● Work instructions: The records, repeated exactly and in full, are the expected answer.

● Data for review:
::::::
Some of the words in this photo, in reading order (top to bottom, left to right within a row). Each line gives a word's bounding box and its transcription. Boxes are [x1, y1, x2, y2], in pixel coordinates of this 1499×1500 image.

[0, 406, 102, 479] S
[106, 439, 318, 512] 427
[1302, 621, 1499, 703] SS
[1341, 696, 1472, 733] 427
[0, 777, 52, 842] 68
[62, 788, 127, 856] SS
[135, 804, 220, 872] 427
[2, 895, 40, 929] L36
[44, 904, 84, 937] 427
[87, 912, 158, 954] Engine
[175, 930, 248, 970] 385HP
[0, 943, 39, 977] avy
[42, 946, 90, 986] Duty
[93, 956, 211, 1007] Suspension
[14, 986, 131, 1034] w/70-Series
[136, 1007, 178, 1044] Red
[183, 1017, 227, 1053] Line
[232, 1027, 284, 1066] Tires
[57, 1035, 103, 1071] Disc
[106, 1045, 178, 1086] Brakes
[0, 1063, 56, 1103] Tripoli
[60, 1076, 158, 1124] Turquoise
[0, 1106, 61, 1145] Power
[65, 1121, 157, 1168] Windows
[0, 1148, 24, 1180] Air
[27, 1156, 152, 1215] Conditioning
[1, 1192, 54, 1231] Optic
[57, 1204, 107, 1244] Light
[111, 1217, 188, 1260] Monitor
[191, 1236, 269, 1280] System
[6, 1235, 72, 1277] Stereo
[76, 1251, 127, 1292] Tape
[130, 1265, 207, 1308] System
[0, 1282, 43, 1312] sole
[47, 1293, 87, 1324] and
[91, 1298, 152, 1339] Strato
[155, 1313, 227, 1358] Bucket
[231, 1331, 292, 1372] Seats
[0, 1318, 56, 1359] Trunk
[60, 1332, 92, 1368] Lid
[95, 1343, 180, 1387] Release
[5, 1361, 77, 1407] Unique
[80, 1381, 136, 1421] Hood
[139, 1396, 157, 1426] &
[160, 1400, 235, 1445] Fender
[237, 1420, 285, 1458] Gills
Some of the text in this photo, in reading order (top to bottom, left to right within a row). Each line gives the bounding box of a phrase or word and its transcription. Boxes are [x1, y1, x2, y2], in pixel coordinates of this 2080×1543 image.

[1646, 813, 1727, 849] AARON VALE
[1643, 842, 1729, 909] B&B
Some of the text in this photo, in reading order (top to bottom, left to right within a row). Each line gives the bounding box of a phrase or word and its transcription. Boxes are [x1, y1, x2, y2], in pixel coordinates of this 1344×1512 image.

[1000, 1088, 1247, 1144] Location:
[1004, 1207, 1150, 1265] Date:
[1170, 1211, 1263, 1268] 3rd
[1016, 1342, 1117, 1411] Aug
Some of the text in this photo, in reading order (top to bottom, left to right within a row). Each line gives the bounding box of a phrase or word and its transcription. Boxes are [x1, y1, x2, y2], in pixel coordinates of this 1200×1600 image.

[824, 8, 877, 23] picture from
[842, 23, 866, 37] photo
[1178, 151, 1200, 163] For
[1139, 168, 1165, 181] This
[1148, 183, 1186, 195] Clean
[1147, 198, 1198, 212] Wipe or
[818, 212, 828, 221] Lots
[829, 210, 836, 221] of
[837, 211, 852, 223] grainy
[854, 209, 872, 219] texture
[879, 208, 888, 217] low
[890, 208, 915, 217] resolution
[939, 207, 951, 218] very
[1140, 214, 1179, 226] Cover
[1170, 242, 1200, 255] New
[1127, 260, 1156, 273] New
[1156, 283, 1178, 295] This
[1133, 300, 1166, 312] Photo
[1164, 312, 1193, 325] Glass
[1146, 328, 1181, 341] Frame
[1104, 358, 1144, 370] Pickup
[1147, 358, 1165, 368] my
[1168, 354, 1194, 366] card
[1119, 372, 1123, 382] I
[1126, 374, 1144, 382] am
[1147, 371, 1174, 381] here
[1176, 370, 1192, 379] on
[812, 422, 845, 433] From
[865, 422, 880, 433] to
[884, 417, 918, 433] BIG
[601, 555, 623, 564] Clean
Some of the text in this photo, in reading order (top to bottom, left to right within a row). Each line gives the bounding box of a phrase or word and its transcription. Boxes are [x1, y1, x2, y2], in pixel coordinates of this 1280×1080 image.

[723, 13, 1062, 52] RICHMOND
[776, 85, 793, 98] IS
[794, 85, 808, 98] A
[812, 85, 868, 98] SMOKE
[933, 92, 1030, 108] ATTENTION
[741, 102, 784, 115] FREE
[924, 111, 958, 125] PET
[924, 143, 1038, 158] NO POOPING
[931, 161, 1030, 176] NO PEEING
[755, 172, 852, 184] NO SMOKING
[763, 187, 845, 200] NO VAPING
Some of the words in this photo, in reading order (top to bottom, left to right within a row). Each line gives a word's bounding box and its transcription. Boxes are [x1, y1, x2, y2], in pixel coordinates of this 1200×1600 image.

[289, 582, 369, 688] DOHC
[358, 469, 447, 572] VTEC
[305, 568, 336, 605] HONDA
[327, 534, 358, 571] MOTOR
::::::
● Your solution:
Some of the words in this photo, in reading order (top to bottom, left to right within a row). Each line gives a word's bounding box and its transcription. Boxes are [x1, y1, x2, y2], in pixel coordinates of this 1499×1500 image.

[0, 406, 102, 479] S
[106, 439, 318, 512] 427
[1302, 621, 1499, 703] SS
[1341, 696, 1472, 733] 427
[0, 777, 52, 842] 68
[62, 788, 127, 856] SS
[135, 804, 220, 872] 427
[2, 895, 40, 929] L36
[44, 904, 84, 937] 427
[87, 912, 158, 954] Engine
[175, 930, 248, 970] 385HP
[0, 943, 39, 977] avy
[42, 946, 90, 986] Duty
[93, 956, 211, 1007] Suspension
[14, 986, 131, 1034] w/70-Series
[136, 1007, 178, 1044] Red
[183, 1017, 227, 1053] Line
[232, 1027, 284, 1066] Tires
[57, 1035, 103, 1071] Disc
[106, 1045, 178, 1086] Brakes
[0, 1063, 56, 1103] Tripoli
[60, 1076, 158, 1124] Turquoise
[0, 1106, 61, 1145] Power
[65, 1121, 157, 1168] Windows
[0, 1148, 24, 1180] Air
[27, 1156, 152, 1215] Conditioning
[1, 1192, 54, 1231] Optic
[57, 1204, 107, 1244] Light
[111, 1217, 188, 1260] Monitor
[191, 1236, 269, 1280] System
[6, 1235, 72, 1277] Stereo
[76, 1251, 127, 1292] Tape
[130, 1265, 207, 1308] System
[0, 1282, 43, 1312] sole
[47, 1293, 87, 1324] and
[91, 1298, 152, 1339] Strato
[155, 1313, 227, 1358] Bucket
[231, 1331, 292, 1372] Seats
[0, 1318, 56, 1359] Trunk
[60, 1332, 92, 1368] Lid
[95, 1343, 180, 1387] Release
[5, 1361, 77, 1407] Unique
[80, 1381, 136, 1421] Hood
[139, 1396, 157, 1426] &
[160, 1400, 235, 1445] Fender
[237, 1420, 285, 1458] Gills
Some of the text in this photo, in reading order (top to bottom, left to right within a row). Each line gives the bounding box of a phrase or word and its transcription. Boxes are [x1, y1, x2, y2], in pixel coordinates of this 2080×1543 image.

[1646, 813, 1727, 849] AARON VALE
[1643, 842, 1729, 909] B&B
Some of the text in this photo, in reading order (top to bottom, left to right within a row). Each line gives the bounding box of a phrase or word and its transcription. Boxes are [x1, y1, x2, y2], in pixel coordinates of this 1344×1512 image.

[1000, 1088, 1247, 1144] Location:
[1004, 1207, 1150, 1265] Date:
[1170, 1211, 1263, 1268] 3rd
[1016, 1342, 1117, 1411] Aug
Some of the text in this photo, in reading order (top to bottom, left to right within a row). Each line gives the bounding box of a phrase or word and its transcription. Boxes are [x1, y1, x2, y2], in pixel coordinates of this 1200×1600 image.

[824, 8, 877, 23] picture from
[842, 23, 866, 37] photo
[1178, 151, 1200, 163] For
[1139, 168, 1165, 181] This
[1148, 183, 1186, 195] Clean
[1147, 198, 1198, 212] Wipe or
[818, 212, 828, 221] Lots
[829, 210, 836, 221] of
[837, 211, 852, 223] grainy
[854, 209, 872, 219] texture
[879, 208, 888, 217] low
[890, 208, 915, 217] resolution
[939, 207, 951, 218] very
[1140, 214, 1179, 226] Cover
[1170, 242, 1200, 255] New
[1127, 260, 1156, 273] New
[1156, 283, 1178, 295] This
[1133, 300, 1166, 312] Photo
[1164, 312, 1193, 325] Glass
[1146, 328, 1181, 341] Frame
[1104, 358, 1144, 370] Pickup
[1147, 358, 1165, 368] my
[1168, 354, 1194, 366] card
[1119, 372, 1123, 382] I
[1126, 374, 1144, 382] am
[1147, 371, 1174, 381] here
[1176, 370, 1192, 379] on
[812, 422, 845, 433] From
[865, 422, 880, 433] to
[884, 417, 918, 433] BIG
[601, 555, 623, 564] Clean
Some of the text in this photo, in reading order (top to bottom, left to right within a row). Each line gives the bounding box of a phrase or word and its transcription. Boxes are [x1, y1, x2, y2], in pixel coordinates of this 1280×1080 image.

[723, 13, 1062, 52] RICHMOND
[776, 85, 793, 98] IS
[794, 85, 808, 98] A
[812, 85, 868, 98] SMOKE
[933, 92, 1030, 108] ATTENTION
[741, 102, 784, 115] FREE
[924, 111, 958, 125] PET
[924, 143, 1038, 158] NO POOPING
[931, 161, 1030, 176] NO PEEING
[755, 172, 852, 184] NO SMOKING
[763, 187, 845, 200] NO VAPING
Some of the words in this photo, in reading order (top to bottom, left to right within a row). Each line gives a word's bounding box and its transcription. Boxes are [x1, y1, x2, y2], in pixel coordinates of this 1200×1600 image.

[289, 582, 369, 688] DOHC
[358, 469, 447, 572] VTEC
[305, 568, 336, 605] HONDA
[327, 534, 358, 571] MOTOR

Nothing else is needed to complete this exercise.